Text-to-region grounding data
▼▼▼

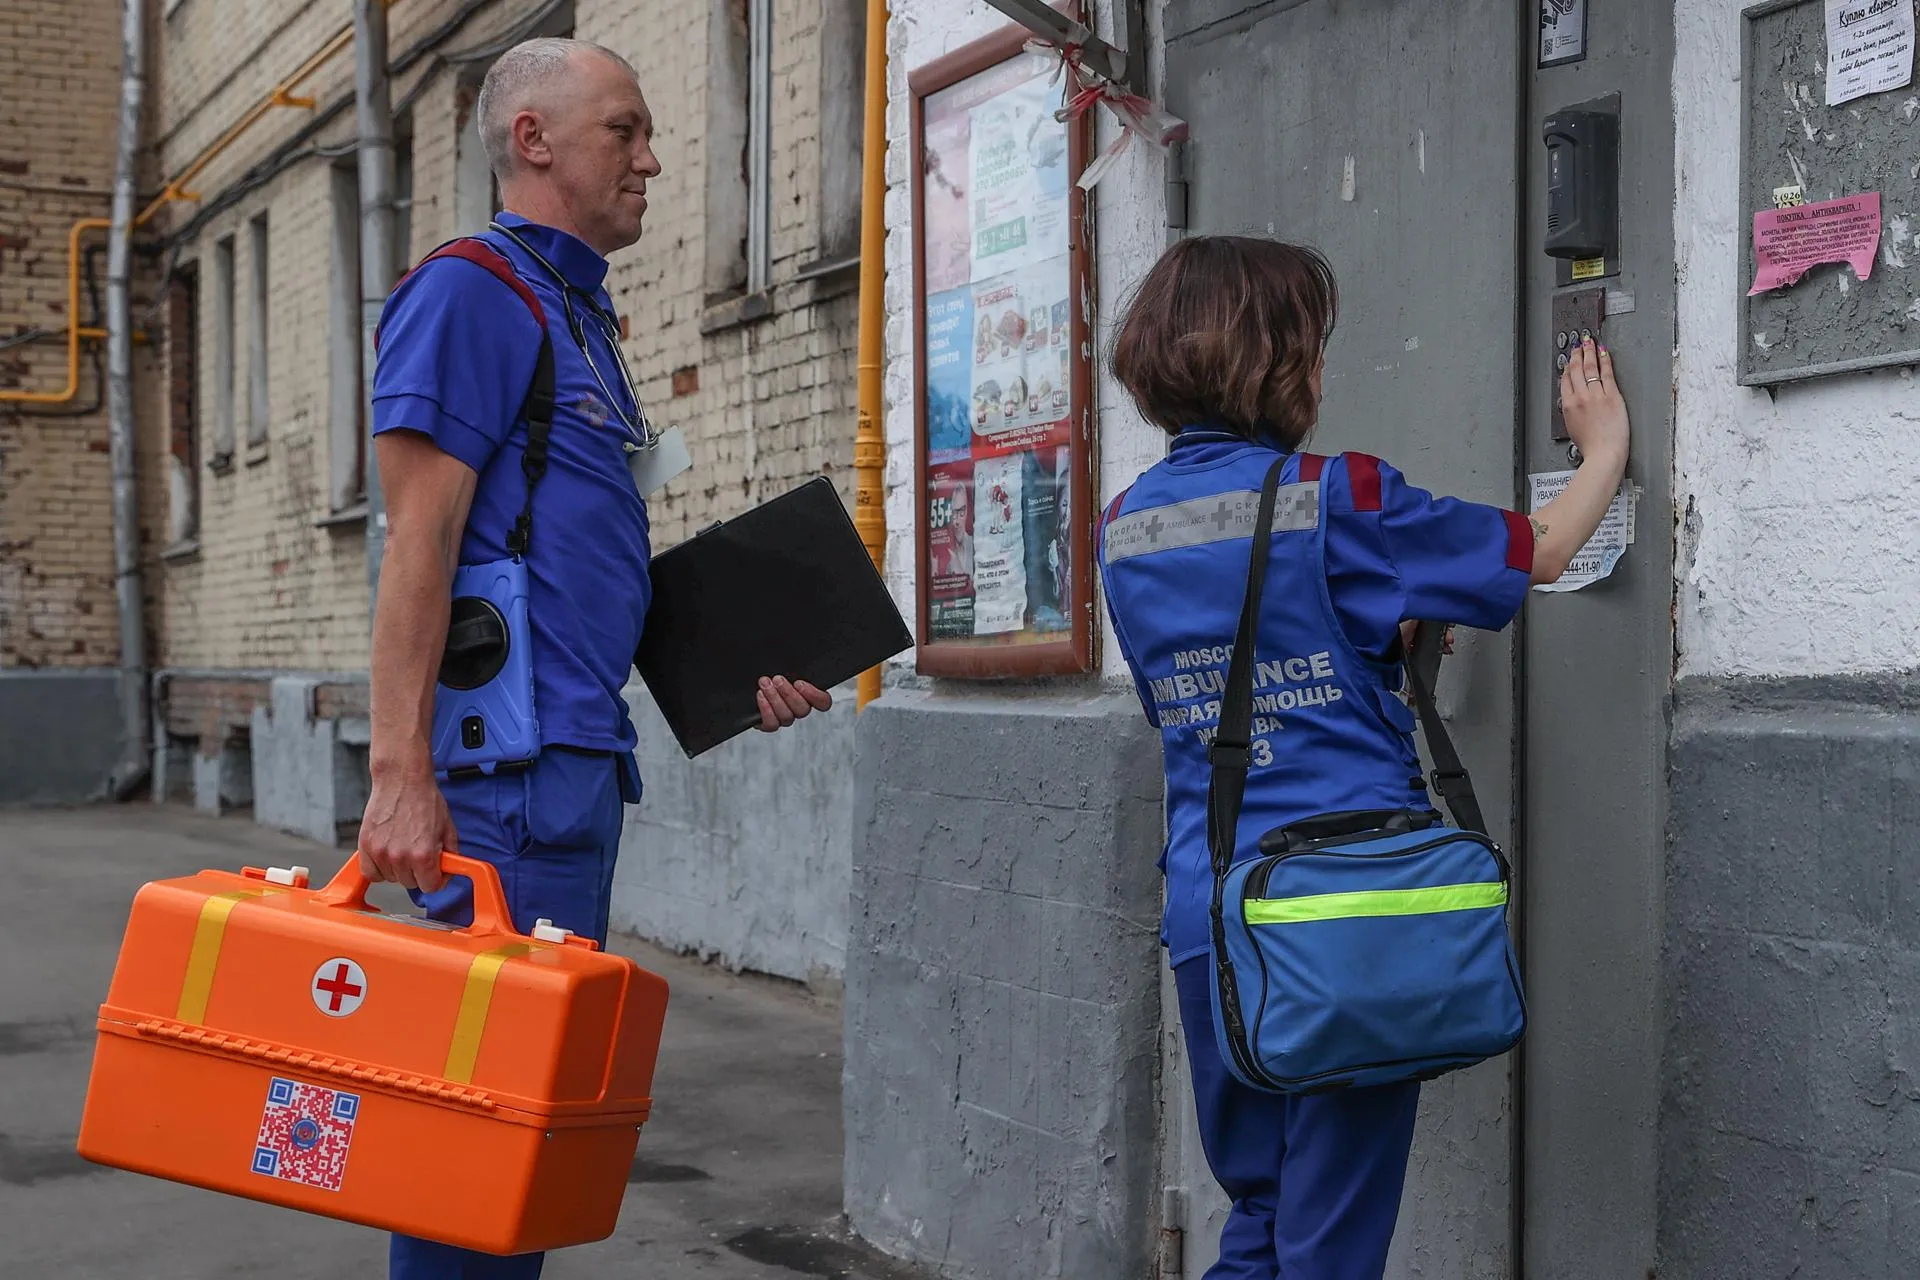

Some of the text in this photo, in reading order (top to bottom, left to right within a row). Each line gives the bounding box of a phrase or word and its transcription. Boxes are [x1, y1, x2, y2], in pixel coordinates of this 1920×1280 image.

[1840, 9, 1865, 27] Куплю
[1776, 212, 1805, 223] ПОКУПКА
[1811, 203, 1856, 217] АНТИКВАРИАТА
[930, 497, 953, 529] 55+
[1235, 497, 1292, 511] СКОАЯ
[1165, 515, 1206, 529] AMBULANCE
[1235, 511, 1290, 524] ПОЩЬ
[1173, 644, 1257, 669] MOSCO
[1148, 651, 1334, 703] MBULNCE
[1158, 684, 1343, 727] СКОРАЯ МОЩЬ

▲▲▲

*AIM OF THE TASK:*
Each line above should be written out again exactly, without any image.

*YOUR RESPONSE:*
Some of the text in this photo, in reading order (top to bottom, left to right within a row). Each line gives the bounding box of a phrase or word and its transcription. Boxes are [x1, y1, x2, y2], in pixel coordinates of this 1920×1280 image.

[1840, 9, 1865, 27] Куплю
[1776, 212, 1805, 223] ПОКУПКА
[1811, 203, 1856, 217] АНТИКВАРИАТА
[930, 497, 953, 529] 55+
[1235, 497, 1292, 511] СКОАЯ
[1165, 515, 1206, 529] AMBULANCE
[1235, 511, 1290, 524] ПОЩЬ
[1173, 644, 1257, 669] MOSCO
[1148, 651, 1334, 703] MBULNCE
[1158, 684, 1343, 727] СКОРАЯ МОЩЬ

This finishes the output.